Çeçenistan'daki İslam, yüzyıllardır popüler kültüre uyum sağlaması nedeniyle, diğer dini sistemlere karşı liberalliği ve hoşgörüsüyle öne çıkıyor.

Çeçen Cumhuriyeti'nde 1992'den itibaren bölge için alışılmadık yeni bir öğreti yayılmaya başladı; yerel İslam'a dini ve siyasi bir alternatifi temsil eden sözde Vahhabilik.

Vahhabilerin faaliyetlerinin belirgin bir siyasi niteliği vardı ve topluma ve devlete yönelikti. Vahhabiliğin radikalizmi ve aşırıcılığı, bir sosyo-politik sistemden diğerine geçiş, SSCB'nin çöküşü, ideolojiden arınma, demokratik dönüşümler ve devlet gücünün zayıflığı tarafından belirlendi.

Şu anda Çeçen Cumhuriyeti'nde teröristlerin yanı sıra dini aşırılıkçıların faaliyetleri de bastırılıyor.

Sadece cami ve dini okulların inşasında değil, aynı zamanda gençlerin manevi eğitiminde de kendini gösteren geleneksel İslam'ın hızlı bir canlanışı başladı. Gelenekçiler günlük vaazlarında Müslümanları birliğe, manevi yükselişe çağırıyor, uyuşturucu bağımlılığını ve diğer birçok günahkar eylemi kınaıyorlar.

Çeçen

Geleneksel olarak Büyük Kafkasya'nın doğu kısmının kuzey yamaçlarının dağlık bölgelerinde ve 19. yüzyıldan beri Terek Vadisi'nde yaşayan İçkerya Cumhuriyeti'nin yerli sakinlerinin temsilcileri.

Tarihsel gelişim sürecinde Çeçenler, sosyal yaşamın feodal gelişim aşamasının ötesine geçtiler ve neredeyse hiç kölelik bilmediler, dolayısıyla toplumlarının temelini oluşturan klan ve klan ilişkileri hala tam anlamıyla yürürlükte. 19.-20. yüzyıllarda Çeçenya'nın tarihi. Bu yüzyıla Rusya'nın sömürgeleştirmesine karşı sürekli bir mücadele dönemi diyebiliriz.

Çeçen halkının güçlü his kabile kolektivizmi. Temsilcileri her zaman bir ailenin parçası olduklarını hissederler (taipa). Ve intranet bağlantıları genellikle diğer etnik topluluklara göre daha yoğundur. Beşinci kabilenin akrabalarıyla ilişkilerini sürdürüyorlar. Bu durumda Lenta'ya ait olma duygusu ulusal kimliğin önüne geçiyor. Klan üyeleri baba tarafından kan bağına sahiptirler ve aynı kişisel haklara sahiptirler.
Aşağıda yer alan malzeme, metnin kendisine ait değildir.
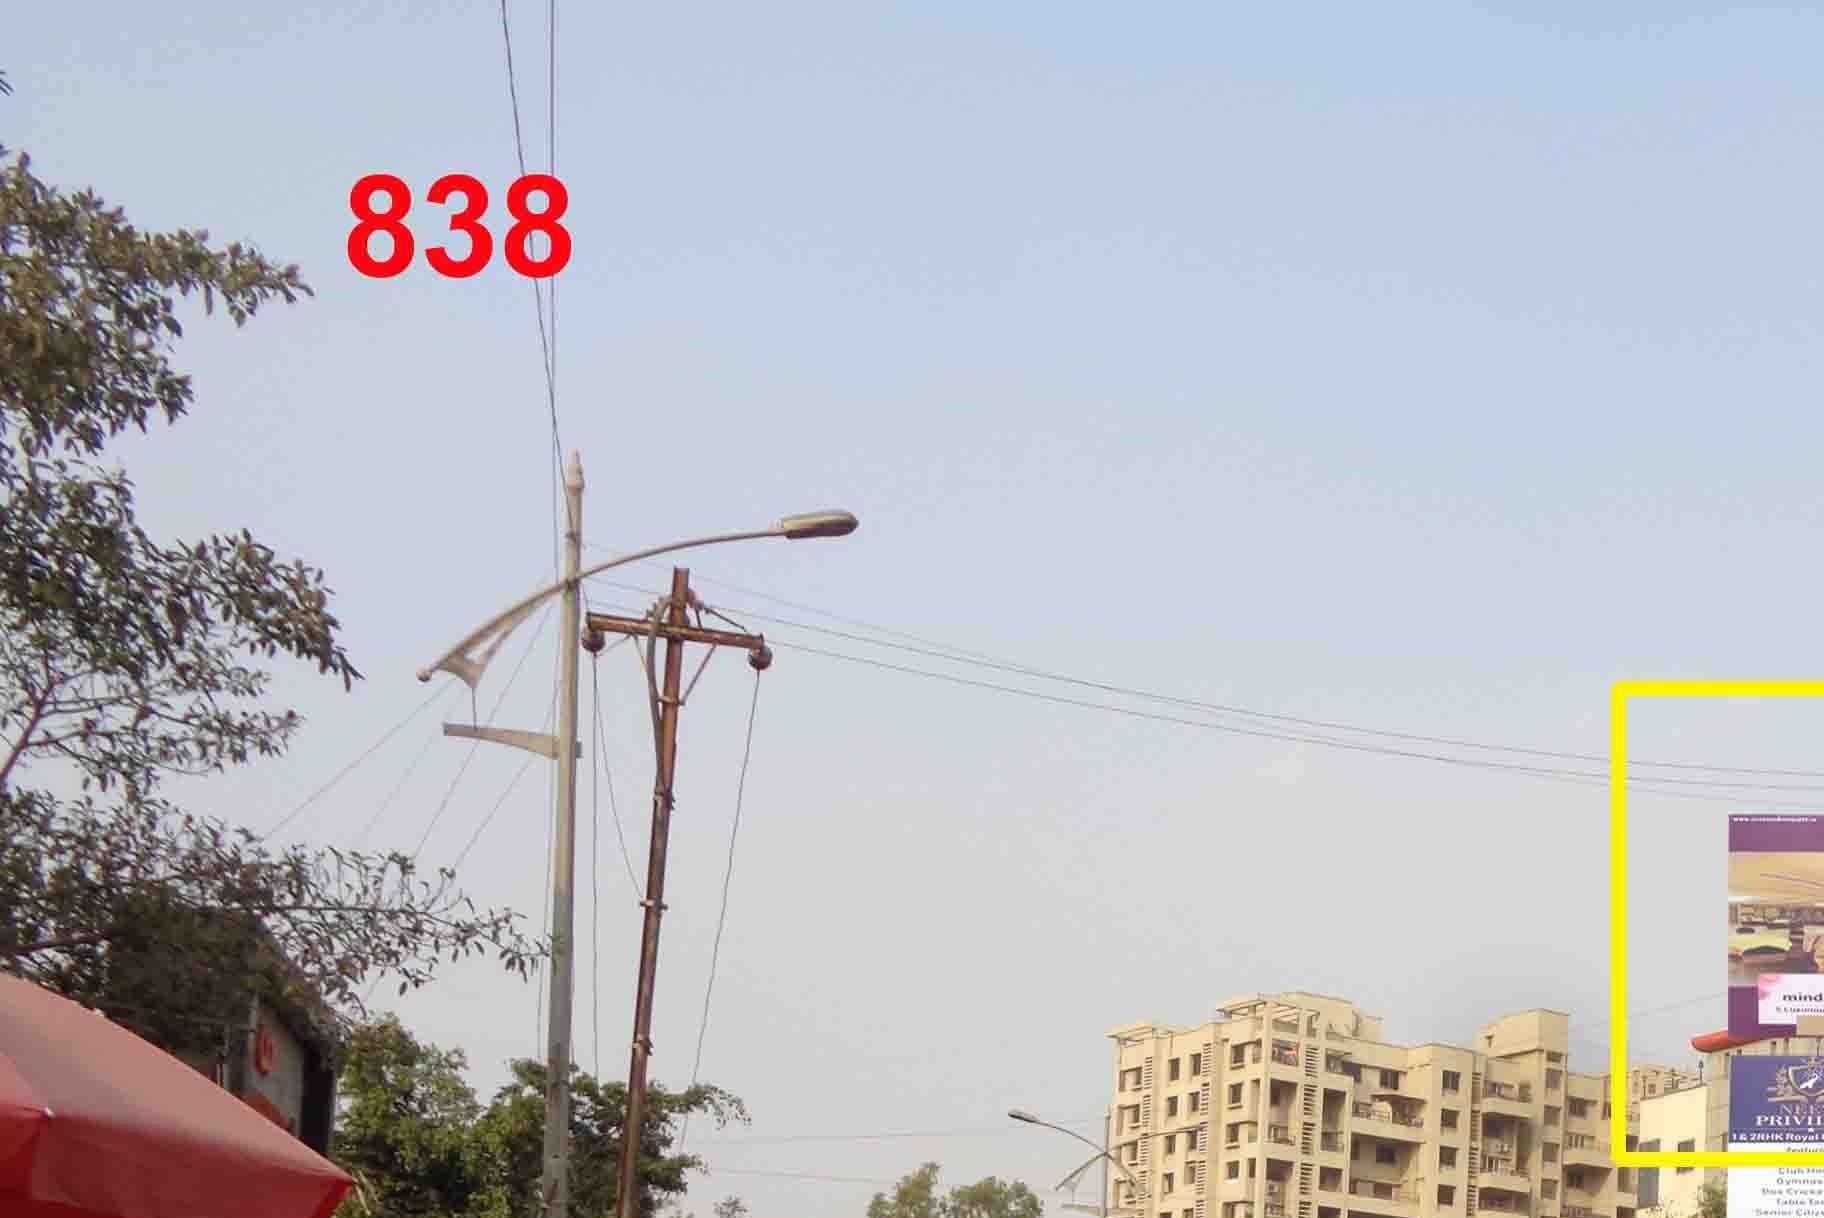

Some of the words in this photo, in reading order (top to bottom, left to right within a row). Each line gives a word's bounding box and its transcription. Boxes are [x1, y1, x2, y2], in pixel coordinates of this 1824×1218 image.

[1782, 993, 1822, 1002] mind
[1786, 1133, 1819, 1143] Royal
[1755, 1208, 1793, 1216] Senior
Özgürlük, eşitlik ve kardeşlik onda varoluşun temel anlamını temsil eder. Az sayıda Çeçen sütunu daha güçlü komşularla çevrili olarak yaşıyordu.

Çeçenler arasında karmaşık devlet biçimlerinin bulunmaması, kasetlerin birliğini büyük ölçüde etkiledi. Her bir temsilcisinin kendi kişisel sorumluluğu olarak gördüğü şeref ve gücü korumak için, bu tür üyelerin soyunun yasallığı ve hakları kesinlikle korunmaktadır. Ancak zirvede her bireyin güvenliği, herhangi bir klan üyesine hakaretin veya cinayetin cezasız kalmamasına (kan anlaşmazlığı uygulaması) bağlıdır.

Aynı zamanda, herkes kendi eylemlerini ailesinin çıkarlarıyla bağdaştırmalıdır çünkü akrabaları onun hatasına karşılık vermek zorunda kalmıştır.

Bu durum, ataerkil ve kabile ahlâkında, şikâyetlerin kabul edilemezliği kadar şaşkınlık yaratmıştır. hükümet organları ve suçlulardan korunmaları için çağrıda bulunuyoruz. Dahası, tapasın modern Çek toplumunun yaşamındaki rolü aşağıdaki nedenlerden dolayı azaltılamaz: a) her grup için silahlı kuvvetler iyi donanımlı, organize, disiplinlidir ve eylemlerinde vatansever otoritelere tabidir; b) Çeçenya'da çeşitli güvenlik güçleri arasındaki çatışmanın nedenlerini büyük ölçüde tabloların çözümü belirliyor.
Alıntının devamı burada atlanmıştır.